Ebenso wie der Umfang der Kreditverkäufe hat sich im Einzelhandel insgesamt die durchschnittliche Höhe der Außenstände in Prozenten des Absatzes im Jahre 1959 gegenüber 1958 nicht wesentlich verändert. Im Durchschnitt der Betriebsvergleichsteilnehmer haben die Außenstände von 9,2 % des Quartalsabsatzes am 31. März 1958 auf 9,3 % am 31. März 1959 geringfügig zugenommen. Dem leichten Rückgang von 8,8 % auf 8,6 % im IL Quartal folgte im III. Quartal wieder eine Erhöhung von 8,2 % auf 8,4 %. Am 31. Dezember 1959 hatten sich die Außenstände auf 7,5 % des Quartalsabsatzes gegenüber 7,9 % am 31. Dezember 1958 verringert.
Das Verhältnis von Außenständen und Kreditverkäufen vermittelt einen Anhaltspunkt über die Veränderung der Kreditdauer bzw. über die Entwicklung des Zahlungseinganges.
Bemerkenswert ist zunächst, daß die Außenstände in Prozenten der Kreditverkäufe am Jahresletzten relativ niedrig sind und daher nicht dem Jahresdurchschnitt entsprechen.
Insgesamt gesehen gleichen sich im Jahre 1959 die Veränderungen der Außenstände in Prozenten der Kreditverkäufe gegenüber den entsprechenden Vorjahrsquartalen, mit Ausnahme des IV. Quartals, nahezu aus, so daß im Jahresdurchschnitt keine wesentliche Verbesserung des Zahlungseingangs eingetreten sein dürfte.

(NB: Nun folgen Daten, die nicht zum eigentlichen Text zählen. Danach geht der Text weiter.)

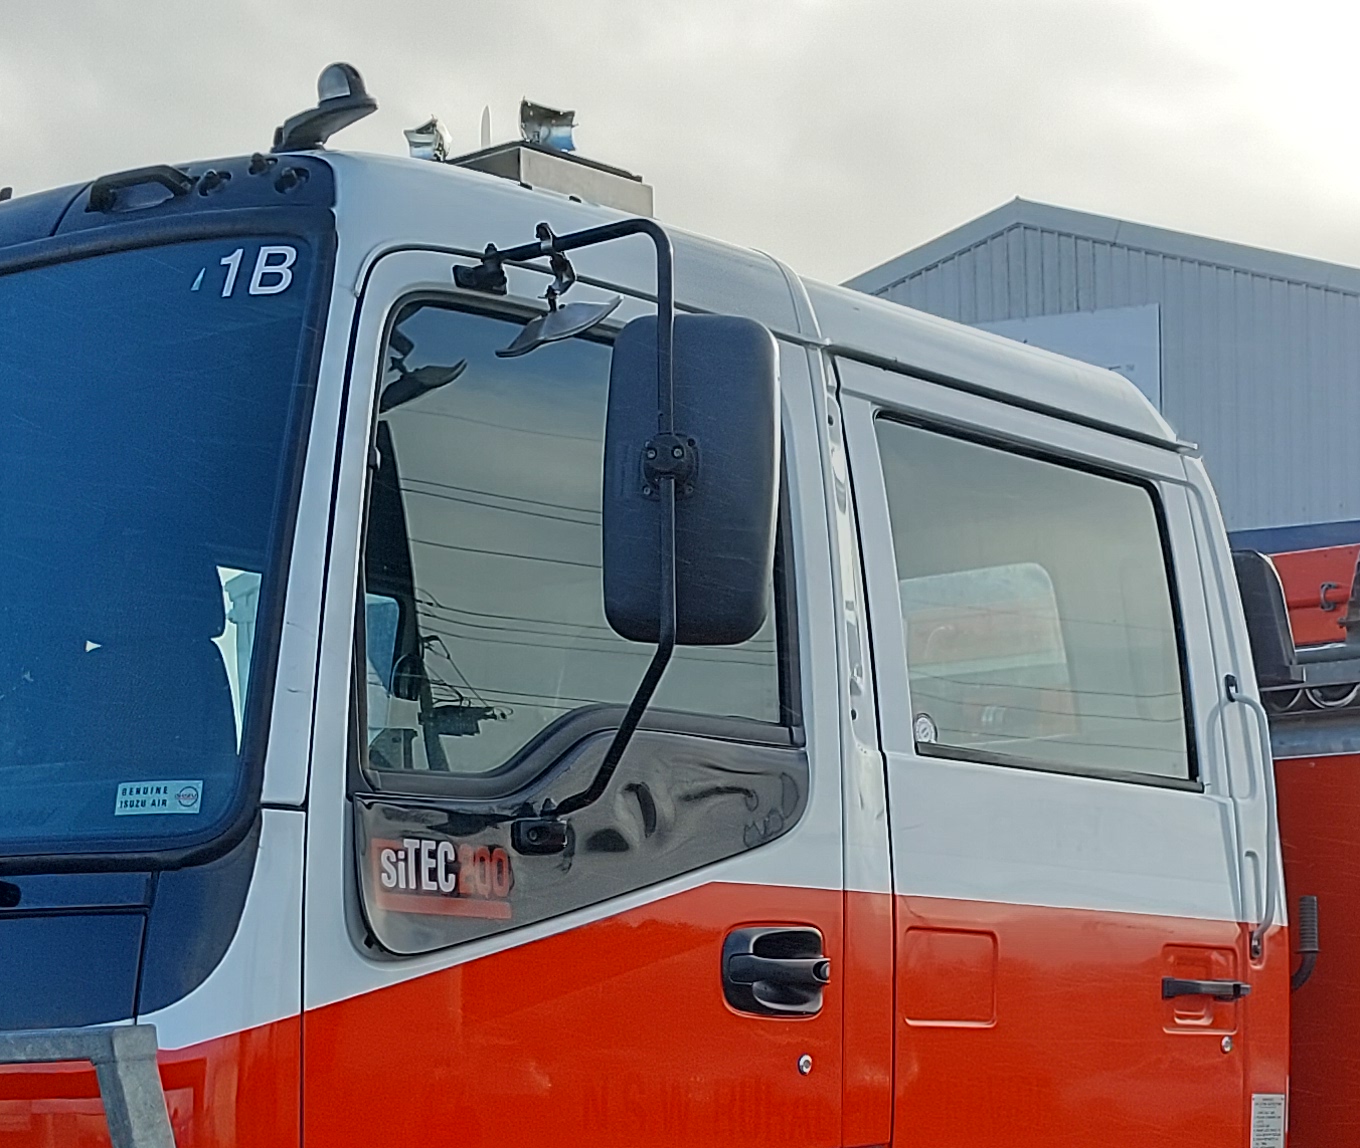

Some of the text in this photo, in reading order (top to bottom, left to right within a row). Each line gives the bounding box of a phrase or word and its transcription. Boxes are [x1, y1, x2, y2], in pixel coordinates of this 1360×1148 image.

Zur Kennzeichnung der Struktur der Kreditgewährung wird bei den Betriebsvergleichserhebungen eine Aufgliederung der gesamten Kreditverkäufe nach folgenden Kreditarten vorgenommen:
1. Teilzahlungsverkäufe, die unmittelbar in Verbindung mit Bankinstituten (Teilzahlungsfinanzierungsinstituten, Sparkassen, Geschäftsbanken) gewährt werden (bankmäßige Teilzahlungskredite).
2. Alle übrigen Teilzahlungsverkäufe, die vom Einzelhandel in eigener Regie abgewickelt werden (nichtbankmäßige Teilzahlungskredite).

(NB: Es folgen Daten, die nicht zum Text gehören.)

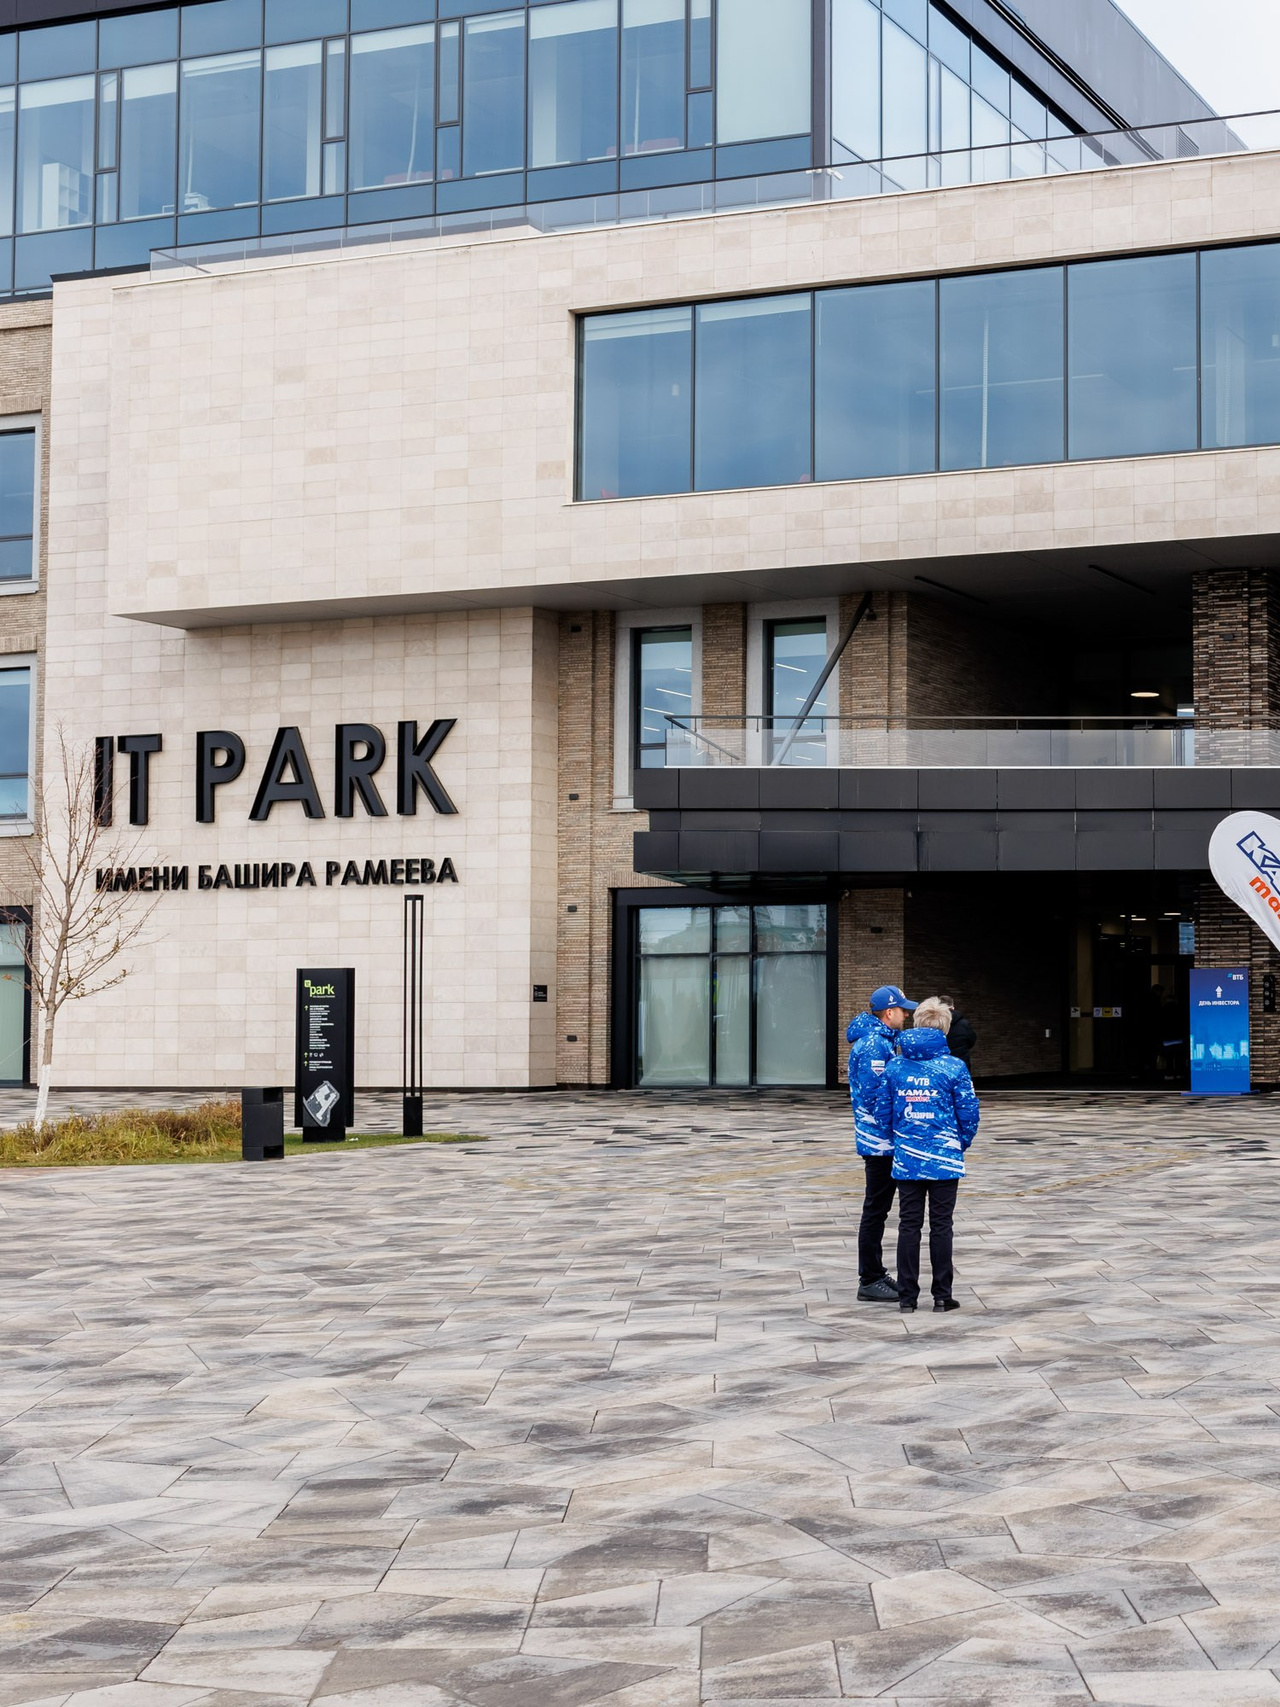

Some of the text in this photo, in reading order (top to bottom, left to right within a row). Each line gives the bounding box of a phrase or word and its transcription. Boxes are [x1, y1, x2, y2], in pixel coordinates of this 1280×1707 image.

[94, 718, 459, 827] IT PARK
[95, 857, 459, 892] ИМЕНИ БАШИРА РАМЕЕВА
[309, 984, 335, 998] park
[914, 1077, 930, 1086] VTB
[897, 1089, 939, 1097] KAMAZ

3. Alle sonstigen Kreditverkäufe (vertraglich unorganisierte Kundenkredite).
Im Durchschnitt der Betriebsvergleichsteilnehmer schwankte in den vier Quartalen 1959 der Anteil der bankmäßigen Teilzahlungskredite zwischen 8,2 % bis 10,2 % der gesamten Kreditverkäufe. Da sich die bankmäßigen Teilzahlungskredite der Betriebsvergleichsteilnehmer fast ausschließlich auf Konsumgüter erstrecken, ist ein direkter Vergleich dieser Werte mit den Zahlen der Bankenstatistiken nicht möglich. Die in den Bankenstatistiken enthaltenen Teilzahlungskredite für Produktionsmittel und Gebrauchsgüter mit ausschließlich gewerblichem Verwendungszweck sind sehr erheblich und schlagen sich bei den am Betriebsvergleich beteiligten Einzelhandelsfachgeschäften nur in sehr geringem Umfange nieder. Des weiteren sind in den obigen Zahlenwerten die beträchtlichen Kredite für den Erwerb von Kraftfahrzeugen nicht enthalten.
Die nichtbankniäßigen Teilzahlungskredite bewegten sich in den vier Quartalen 1959 im Durchschnitt der Vergleichsbetriebe zwischen 14,6 % und 18,7% der gesamten Kreditverkäufe. Der weitaus größte Teil der Kundenkredite, der etwa 75 % der gesamten Kreditverkäufe ausmacht, wird vom Einzelhandel in unorganisierter Form ohne besondere vertragliche Regelung als offene Buchkredite, Anschreiben usw. gewährt.